В Ведено произошел еще такой случай. У нашего хозяина Нурида был родственник Умар-Али. Очень приятный внешне и интересный собеседник. Много волнующего рассказывал о своей жизни. Рано остался без родителей и ближайших родственников: убили кровники — люди, которые мстят за своих родных, и продолжается это из поколения в поколение. Ему было десять-одиннадцать, когда его определили в русскую школу-интернат и запретили выходить за территорию, так как его постоянно разыскивали кровники, чтобы расправиться с ним — последним из оставшихся в семье. Поэтому его часто перевозили из интерната в интернат, чтобы запутать преследователей. За что он был очень благодарен русским учителям и воспитателям, которые так тепло и заботливо к нему относились (это были двадцатые годы). Умар-Али рассказал среди многих других историй такой эпизод. Когда он жил в интернате, к нему однажды подбежал его друг и сказал: там, на мосту, тебя ждет дядя и трое его друзей. Дядя очень хочет тебя увидеть, просил к нему выйти. Но, зная, что никаких родственников у него не осталось, он не вышел, и снова пришлось менять интернат. В то время когда Умар-Али познакомился с Арсением и мамой, он занимал ответственный пост в администрации города Грозного. Он прекрасно говорил по-русски, абсолютно без акцента. Опасность преследования не закончилась, даже его домашние не знали, куда он уходит и когда вернется. Все это Умар-Али рассказывал Арсению и маме за ужином у нашего хозяина, время пролетело быстро, было далеко за полночь, когда Умар-Али заспешил домой. Его пошел провожать Нурид. Через несколько минут раздались выстрелы. Арсений и мама в ужасе — убили Умара-Али. Арсений вышел в сад узнать, что произошло. Навстречу ему шел Нурид, оказывается, стрелял он, отпугивая корову, которая повадилась ходить к ним в сад и поедать все, что ей попадалось. Так благополучно закончилась эта история, напугавшая всех.

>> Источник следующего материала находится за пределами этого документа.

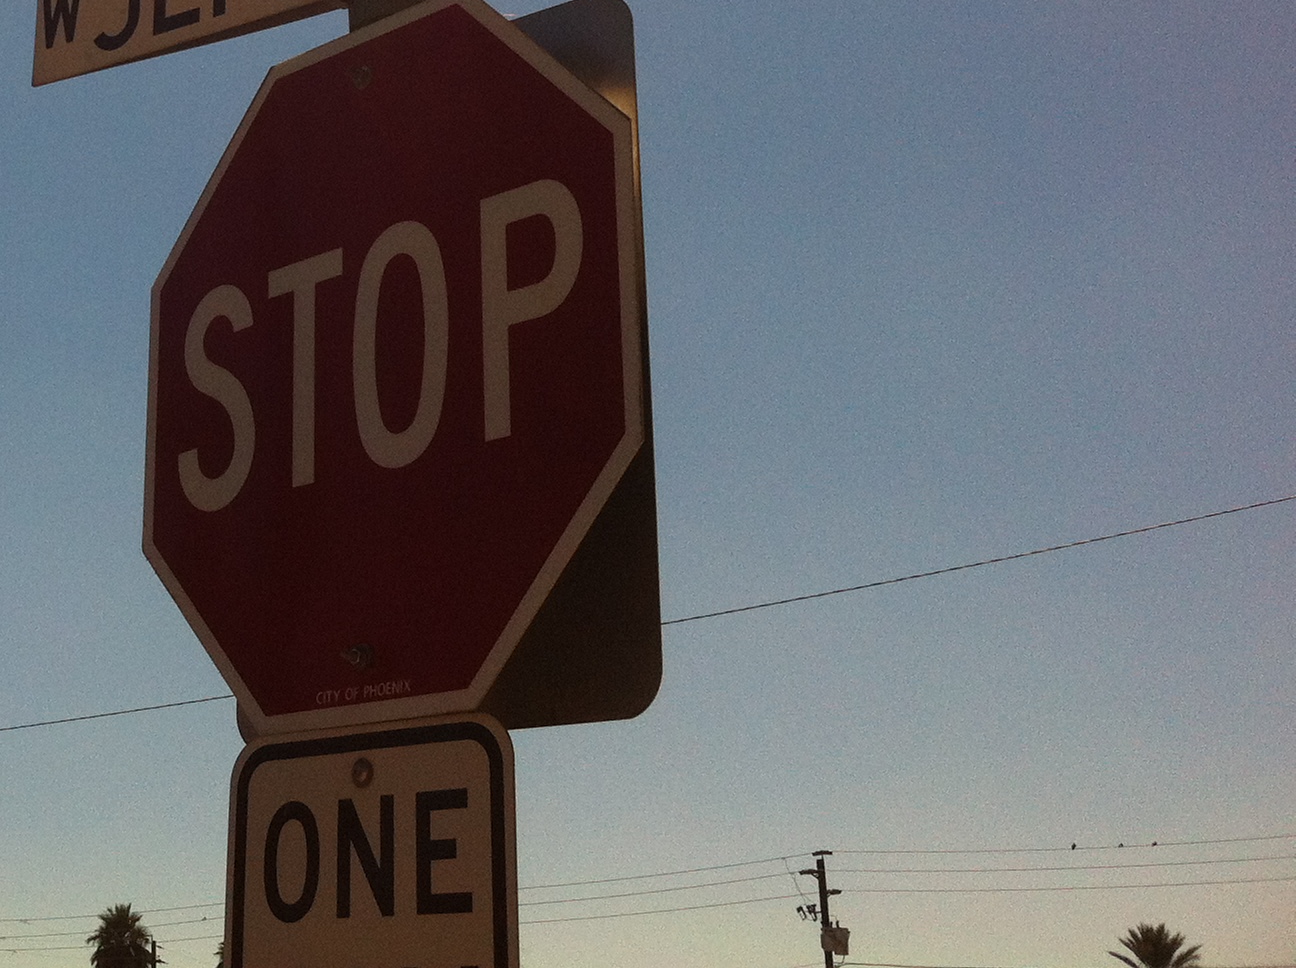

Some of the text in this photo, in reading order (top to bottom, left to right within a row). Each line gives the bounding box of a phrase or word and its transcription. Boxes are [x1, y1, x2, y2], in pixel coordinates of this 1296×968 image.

[177, 178, 584, 513] STOP
[315, 679, 412, 705] CITY OF PHOENIX
[263, 787, 473, 924] ONE

Пока мы жили в Ведено, у меня появилась собачка, она забежала к нам в сад неизвестно откуда, никто ее не искал, никто о ней не спрашивал. Она была удивительная, очень маленькая. Сначала мы думали, что это щенок, но она была очень пропорциональная, не по-щенячьи. Оказалось, что японская порода, я называла ее Ще┬нка. Очень к ней привязалась. Была она шустрая, веселенькая, с гладкой шерстью шоколадного цвета, только лапки, как ботиночки, были белые, и кончик хвостика, как кисточка, беленький. Глазки-бусинки. Просто игрушечная. Я с ней не расставалась, ходила с ней на речку, к роднику, играла с ней в саду, спать клала ее к себе на кровать в ноги, а утром, просыпаясь, видела ее на подушке, рядом со щекой. И вдруг эта Щенка пропала. Хозяйка сказала, что ее увез какой-то велосипедист. Щенка сидела у калитки, он наклонился, подхватил ее и увез. Я так была расстроена, не могла ее забыть. Мы с Арсением везде ее искали. Хозяин, видя мои терзания, привез в подарок щенка кавказской овчарки, месяцев пяти-шести. Головастый, с крупными лапами, очень забавный, цвета рыже-песочного, лохматый. Собаки эти очень крупные, умные и сильные. На них чабаны оставляют стада овец, и они надежные защитники даже от волков. Я назвала щенка Барбосом, дальше моя фантазия не шла. Потом выяснилось, что это “женщина”, и Арсений назвал ее Барбукой, что по звучанию было близко, не заставлять же собаку привыкать к новой кличке.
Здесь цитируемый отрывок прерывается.